§ Data for this exercise
⟨

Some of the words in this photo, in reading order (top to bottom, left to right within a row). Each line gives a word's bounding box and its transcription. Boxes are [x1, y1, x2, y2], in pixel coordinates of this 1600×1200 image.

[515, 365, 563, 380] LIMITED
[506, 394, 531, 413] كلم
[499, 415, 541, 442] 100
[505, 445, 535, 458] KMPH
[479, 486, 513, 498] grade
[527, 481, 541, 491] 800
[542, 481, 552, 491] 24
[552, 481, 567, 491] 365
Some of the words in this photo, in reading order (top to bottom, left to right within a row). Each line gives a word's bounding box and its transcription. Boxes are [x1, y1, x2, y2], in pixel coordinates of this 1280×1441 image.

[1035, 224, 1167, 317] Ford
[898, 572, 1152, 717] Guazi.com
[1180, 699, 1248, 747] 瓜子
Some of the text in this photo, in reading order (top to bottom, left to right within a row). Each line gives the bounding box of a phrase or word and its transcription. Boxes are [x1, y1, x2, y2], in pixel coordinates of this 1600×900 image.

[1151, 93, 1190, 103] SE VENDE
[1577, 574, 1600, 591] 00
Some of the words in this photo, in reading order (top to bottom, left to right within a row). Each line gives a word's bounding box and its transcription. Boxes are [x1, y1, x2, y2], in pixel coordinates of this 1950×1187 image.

⟩

§ Problem description
Return each record exactly as given.

§ Task answer
Some of the words in this photo, in reading order (top to bottom, left to right within a row). Each line gives a word's bounding box and its transcription. Boxes are [x1, y1, x2, y2], in pixel coordinates of this 1600×1200 image.

[515, 365, 563, 380] LIMITED
[506, 394, 531, 413] كلم
[499, 415, 541, 442] 100
[505, 445, 535, 458] KMPH
[479, 486, 513, 498] grade
[527, 481, 541, 491] 800
[542, 481, 552, 491] 24
[552, 481, 567, 491] 365
Some of the words in this photo, in reading order (top to bottom, left to right within a row). Each line gives a word's bounding box and its transcription. Boxes are [x1, y1, x2, y2], in pixel coordinates of this 1280×1441 image.

[1035, 224, 1167, 317] Ford
[898, 572, 1152, 717] Guazi.com
[1180, 699, 1248, 747] 瓜子
Some of the text in this photo, in reading order (top to bottom, left to right within a row). Each line gives the bounding box of a phrase or word and its transcription. Boxes are [x1, y1, x2, y2], in pixel coordinates of this 1600×900 image.

[1151, 93, 1190, 103] SE VENDE
[1577, 574, 1600, 591] 00
Some of the words in this photo, in reading order (top to bottom, left to right within a row). Each line gives a word's bounding box and its transcription. Boxes are [x1, y1, x2, y2], in pixel coordinates of this 1950×1187 image.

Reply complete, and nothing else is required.